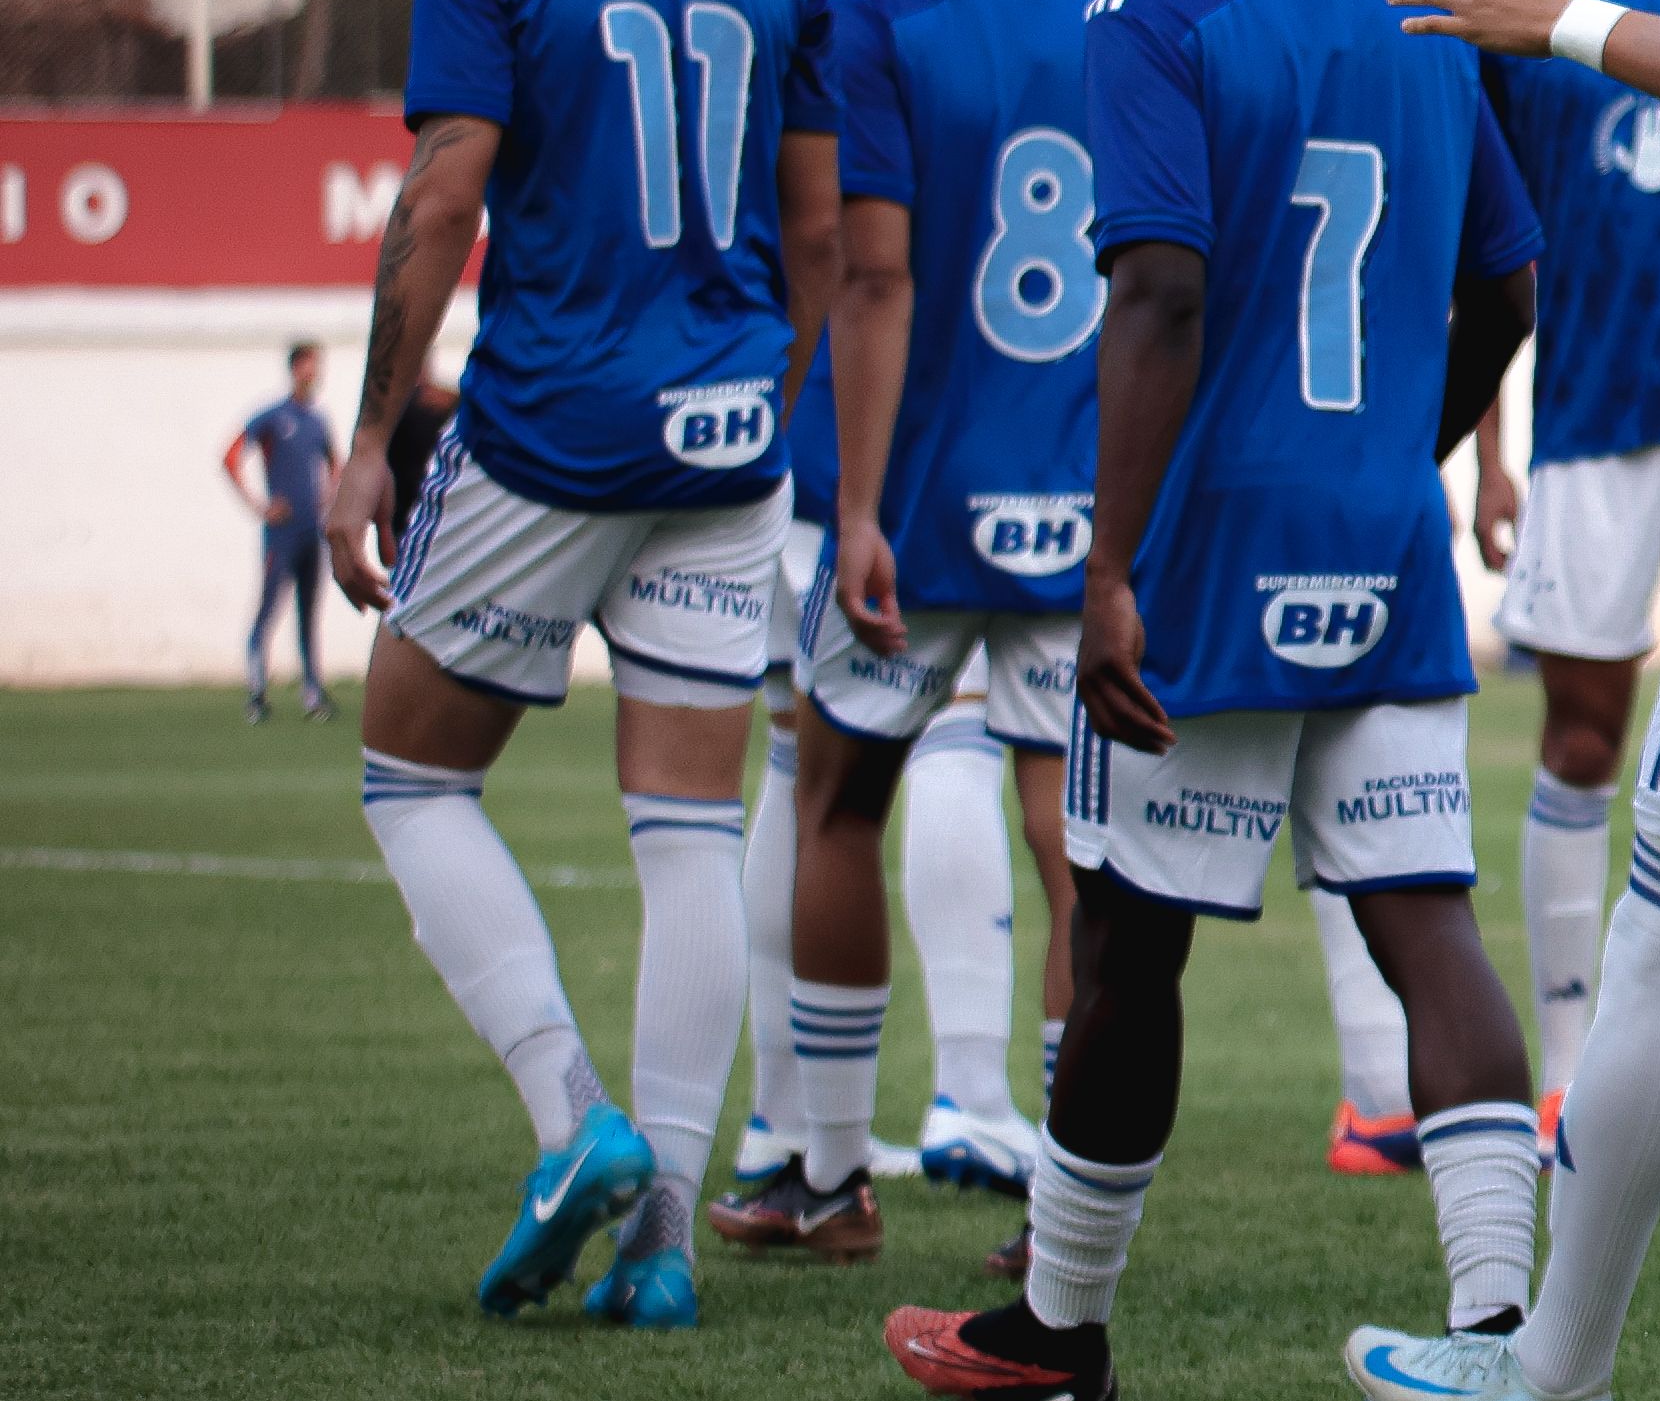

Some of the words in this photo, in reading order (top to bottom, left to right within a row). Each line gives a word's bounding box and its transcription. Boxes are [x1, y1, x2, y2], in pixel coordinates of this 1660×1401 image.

[974, 127, 1107, 363] 8
[1290, 139, 1388, 414] 7
[682, 406, 762, 453] BH
[992, 519, 1075, 555] BH
[1278, 603, 1375, 646] BH

+++

Repeat each entry precisely as it appears. Leave the pictures out.

Some of the words in this photo, in reading order (top to bottom, left to right within a row). Each line gives a word's bounding box and its transcription. Boxes are [x1, y1, x2, y2], in pixel coordinates of this 1660×1401 image.

[974, 127, 1107, 363] 8
[1290, 139, 1388, 414] 7
[682, 406, 762, 453] BH
[992, 519, 1075, 555] BH
[1278, 603, 1375, 646] BH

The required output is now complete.